Directions ▸
Give back the records below exactly, omitting the pictures.

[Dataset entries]
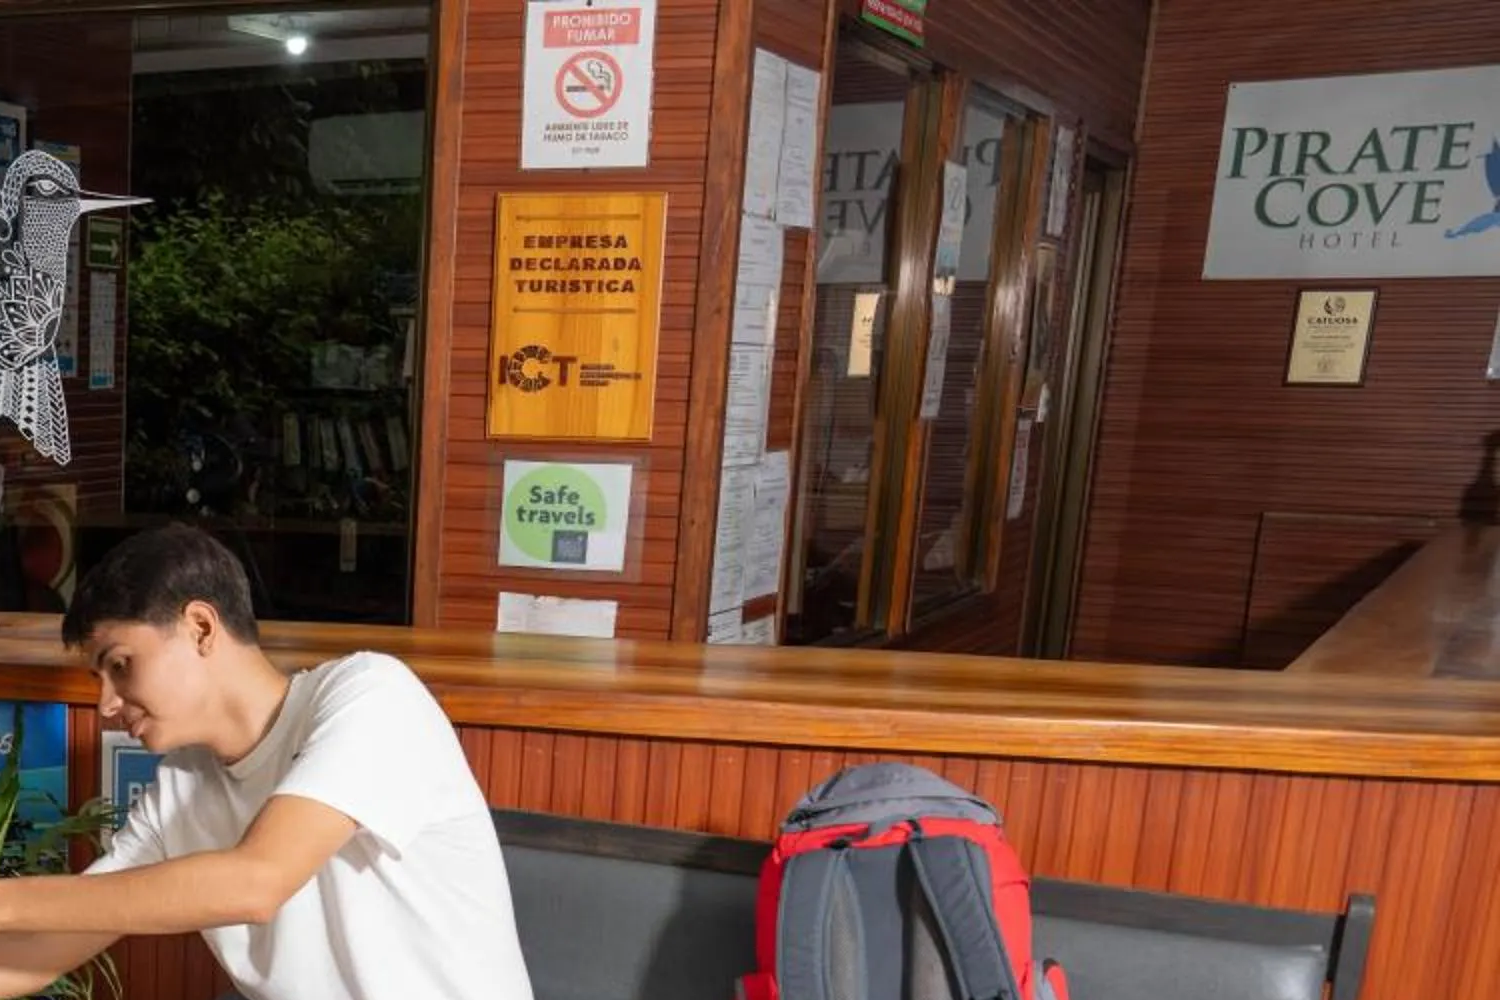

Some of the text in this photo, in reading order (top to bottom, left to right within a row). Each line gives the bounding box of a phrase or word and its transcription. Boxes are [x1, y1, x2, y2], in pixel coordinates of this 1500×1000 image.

[552, 13, 631, 28] PROHIBIDO
[566, 29, 617, 42] FUMAR
[575, 132, 586, 142] DE
[588, 131, 630, 142] TABACO
[1225, 122, 1476, 180] PIRATE
[1254, 179, 1446, 229] COVE
[522, 234, 629, 249] EMPRESA
[1298, 231, 1405, 251] HOTEL
[509, 256, 643, 272] DECLARADA
[514, 279, 636, 294] TURISTICA
[528, 484, 581, 505] Safe
[515, 505, 597, 527] travels

Answer area ▸
Some of the text in this photo, in reading order (top to bottom, left to right within a row). Each line gives the bounding box of a phrase or word and its transcription. Boxes are [x1, y1, x2, y2], in pixel coordinates of this 1500×1000 image.

[552, 13, 631, 28] PROHIBIDO
[566, 29, 617, 42] FUMAR
[575, 132, 586, 142] DE
[588, 131, 630, 142] TABACO
[1225, 122, 1476, 180] PIRATE
[1254, 179, 1446, 229] COVE
[522, 234, 629, 249] EMPRESA
[1298, 231, 1405, 251] HOTEL
[509, 256, 643, 272] DECLARADA
[514, 279, 636, 294] TURISTICA
[528, 484, 581, 505] Safe
[515, 505, 597, 527] travels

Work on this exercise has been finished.